R. Es lo que se suele hacer, pero no son buenas soluciones. Hacen que las chicas se posicionen contra sus familias. Debemos recuperar la confianza de nuestros hijos. Hay que dejar que sea ella quien rompa la relación. Claro está que, si hay una clara situación de peligro y ella no se da cuenta, hay que intervenir.

P. ¿Denunciando?

R. Muchas familias denuncian al chico agresor, pero, por mi experiencia, la denuncia no siempre es la manera de romper una relación. Hay chicas que siguen con sus novios incluso cuando hay una orden de alejamiento. Es necesaria la ruptura emocional. La ruptura legal no suele ser suficiente. Por eso es muy importante que las familias se preparen para ayudar a sus hijas.

P. ¿Cómo mostrar a las chicas que viven una relación tóxica?

R. Ellas ya conocen la teoría. Saben lo que es una relación sana y una que no lo es. Pero tienen dificultad de pasar a la práctica. Es muy importante que interioricen que los celos no son una demostración de amor. Hay que deconstruir esta asociación. Se deben realizar trabajos largos con estas chicas. No basta con un taller de dos horas.

P. ¿Cómo prevenirlo?

R. Hay que educar la autoestima; educar en el empoderamiento (que se sientan capaces y no menos que un hombre); cuestionar determinadas películas y comentarios fuera de lugar; mostrar modelos de feminidad dentro de la familia que sean poderosos. Pero es fundamental que seamos coherentes con nuestro discurso.

P. ¿Y en relación con los chicos?

R. Hay que educar dentro de la masculinidad y del respeto; deserotizar el modelo de masculinidad del chulo. Hay que erotizar a los chicos que no se muestran socialmente como modelos atrayentes, pero que son con quienes se puede contar, que son amigos, con los que uno está a gusto contándoles sus problemas. Hay que cambiar esta mentalidad, para que ellas vean atractivo a este chico y no al malote.

P. ¿Cuáles son, a grandes rasgos, las consecuencias de la violencia de género?

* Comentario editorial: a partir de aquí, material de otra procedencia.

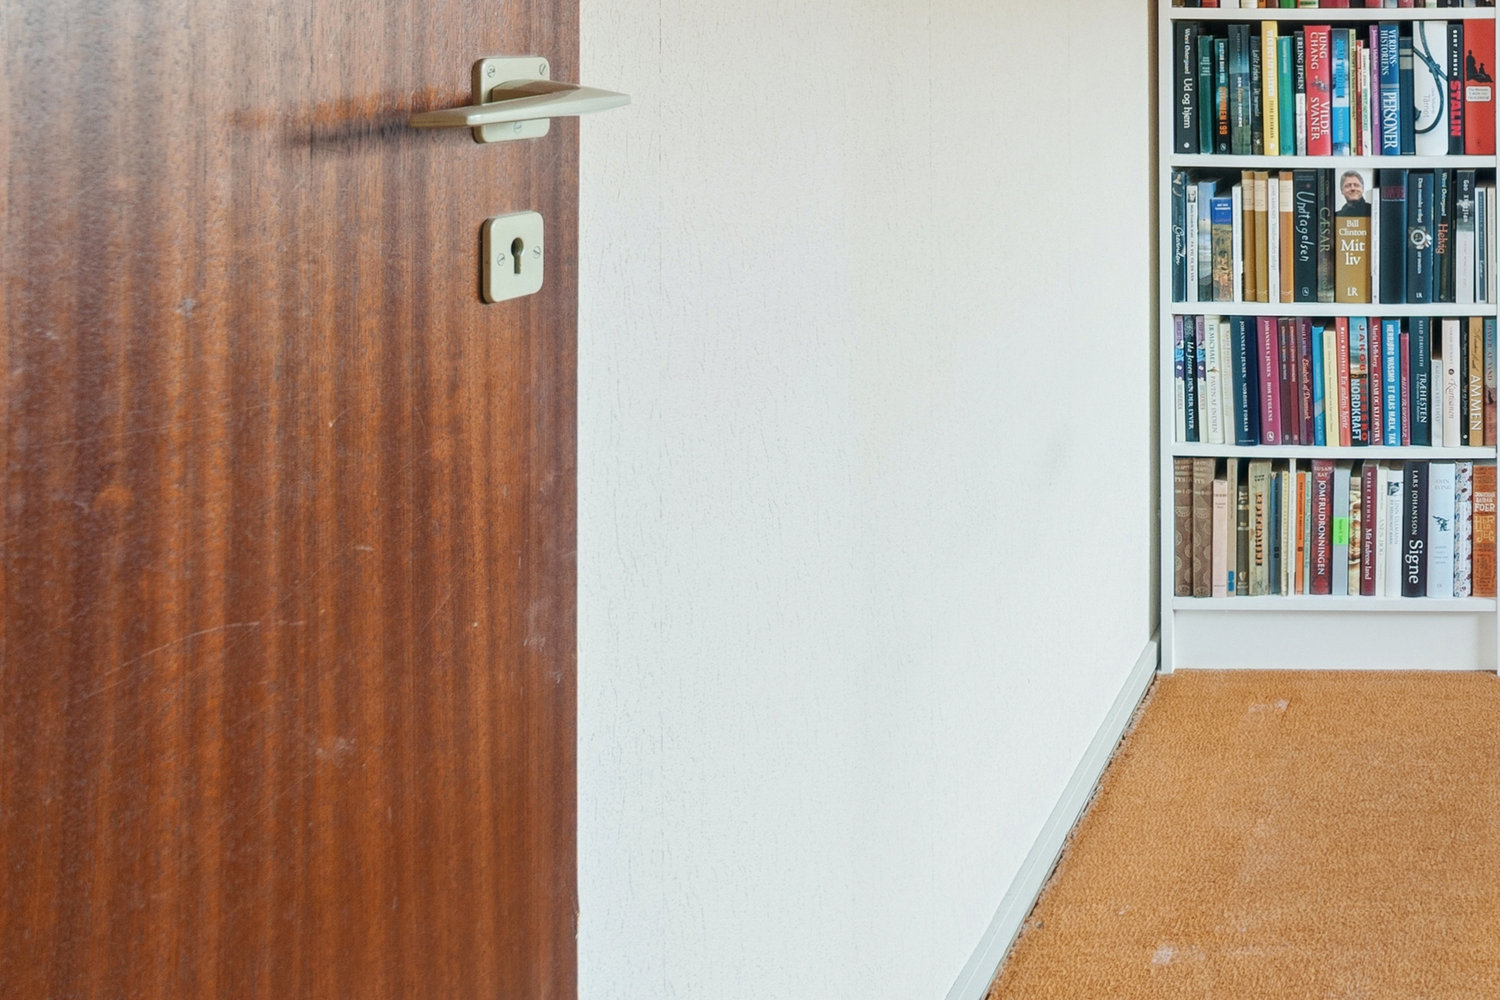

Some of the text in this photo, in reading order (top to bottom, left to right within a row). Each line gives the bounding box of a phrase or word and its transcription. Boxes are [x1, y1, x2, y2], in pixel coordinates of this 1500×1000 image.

[1318, 32, 1327, 58] JUNG
[1389, 30, 1397, 67] VERDENS-
[1182, 78, 1192, 128] Ud og hjem
[1311, 97, 1319, 140] SVANER
[1320, 101, 1329, 135] VILDE
[1383, 92, 1397, 148] PERSONER
[1450, 80, 1461, 136] STALIN
[1296, 191, 1315, 262] Undtagelsen
[1320, 207, 1330, 252] CÆSAR
[1339, 228, 1367, 236] Clinton
[1340, 239, 1366, 251] Mit
[1345, 252, 1361, 265] liv
[1347, 287, 1358, 296] LR
[1386, 324, 1394, 356] HERBJØRG
[1387, 357, 1395, 382] WASSMO
[1388, 385, 1395, 393] ET
[1471, 375, 1481, 431] AMMEN
[1351, 378, 1361, 440] NORDKRAFT
[1388, 433, 1396, 444] TAK
[1318, 480, 1326, 575] JOMFRUDRONNINGEN
[1405, 540, 1423, 584] Signe
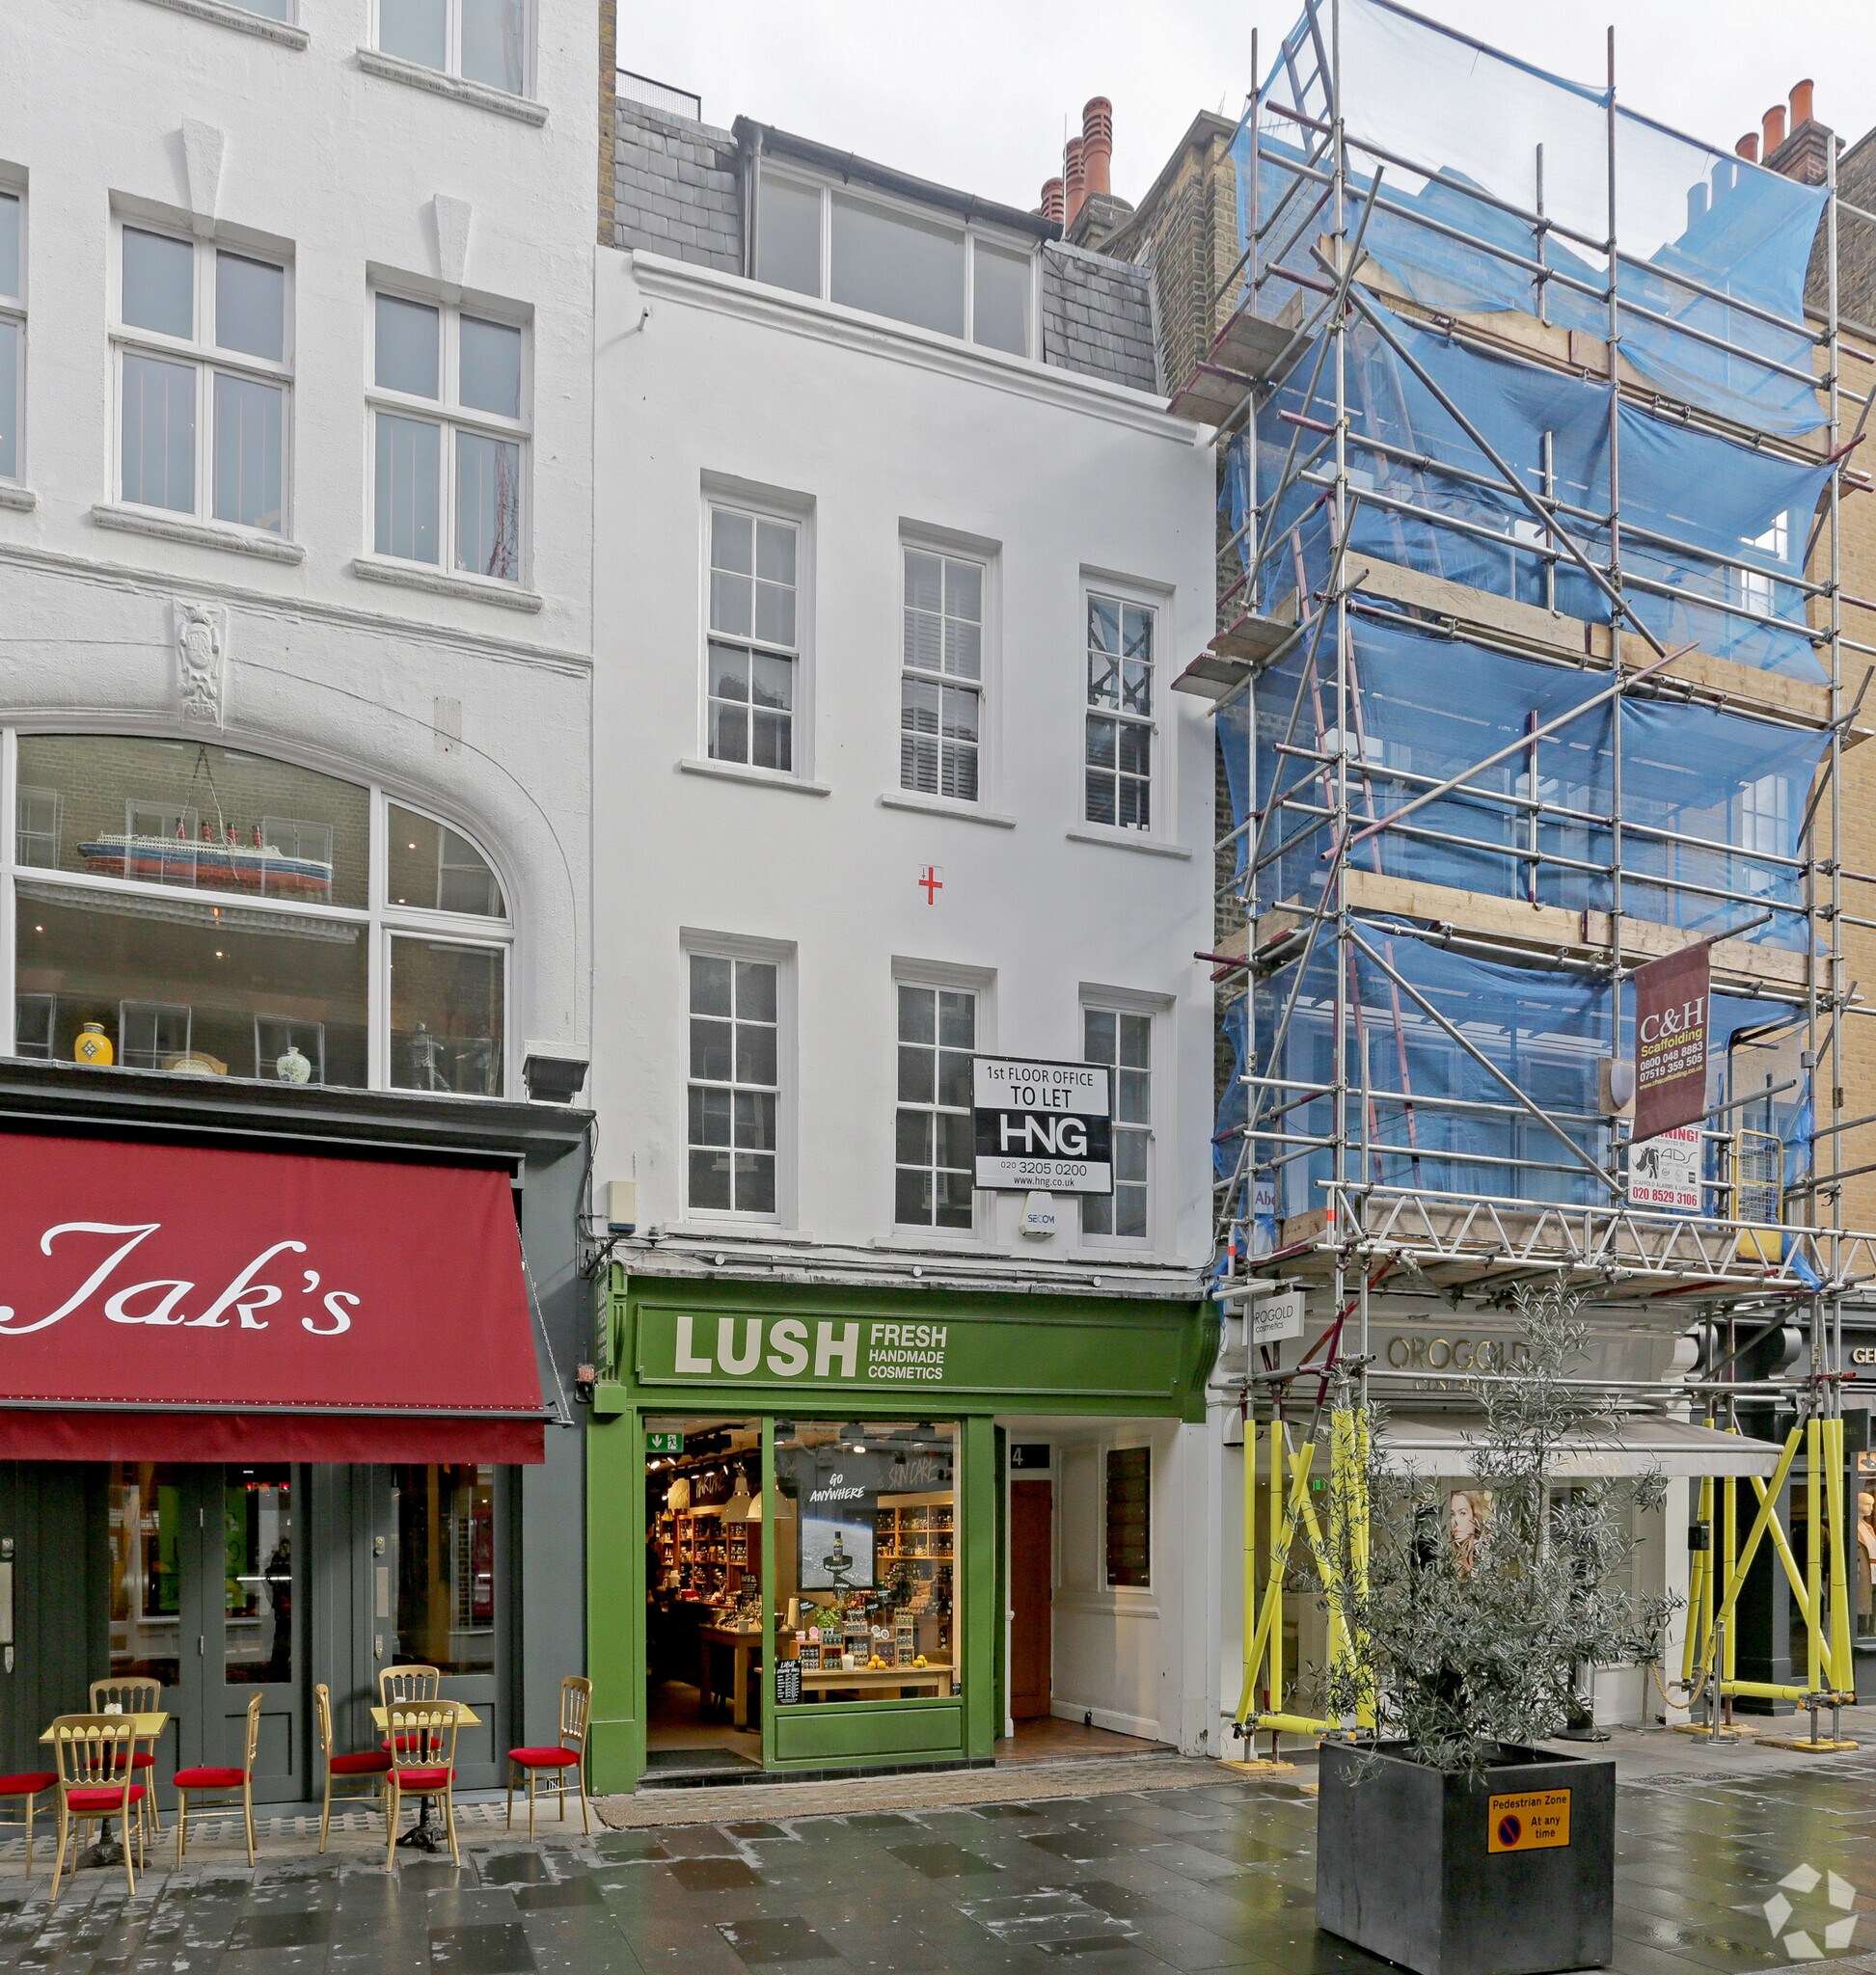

R. Vienen en tres bloques. En primer lugar, tenemos los problemas de salud. Suelen estar relacionados con la baja autoestima, la ansiedad y el estrés. Muchas chicas tienen trastornos estomacales, temblores y desmayos. También ven afectada su salud por las interrupciones voluntarias del embarazo o por tomar con frecuencia la píldora del día después, una vez que sus novios rechazan de modo habitual el uso de preservativos. En segundo lugar, están las consecuencias educativas. El rendimiento académico cae y muchas repiten curso porque con todo lo que están viviendo no son capaces de centrarse en los estudios. Y, en tercer lugar, el efecto social. Muchas chicas son cuestionadas por sus iguales. Los cuestionados no son los agresores. Eso hace que sientan peor todavía. Además, por todo el control que sufrieron por parte de sus parejas, acaban aisladas sin amistades. Cuando rompen con el chico, tienen que volver a crear un mundo social.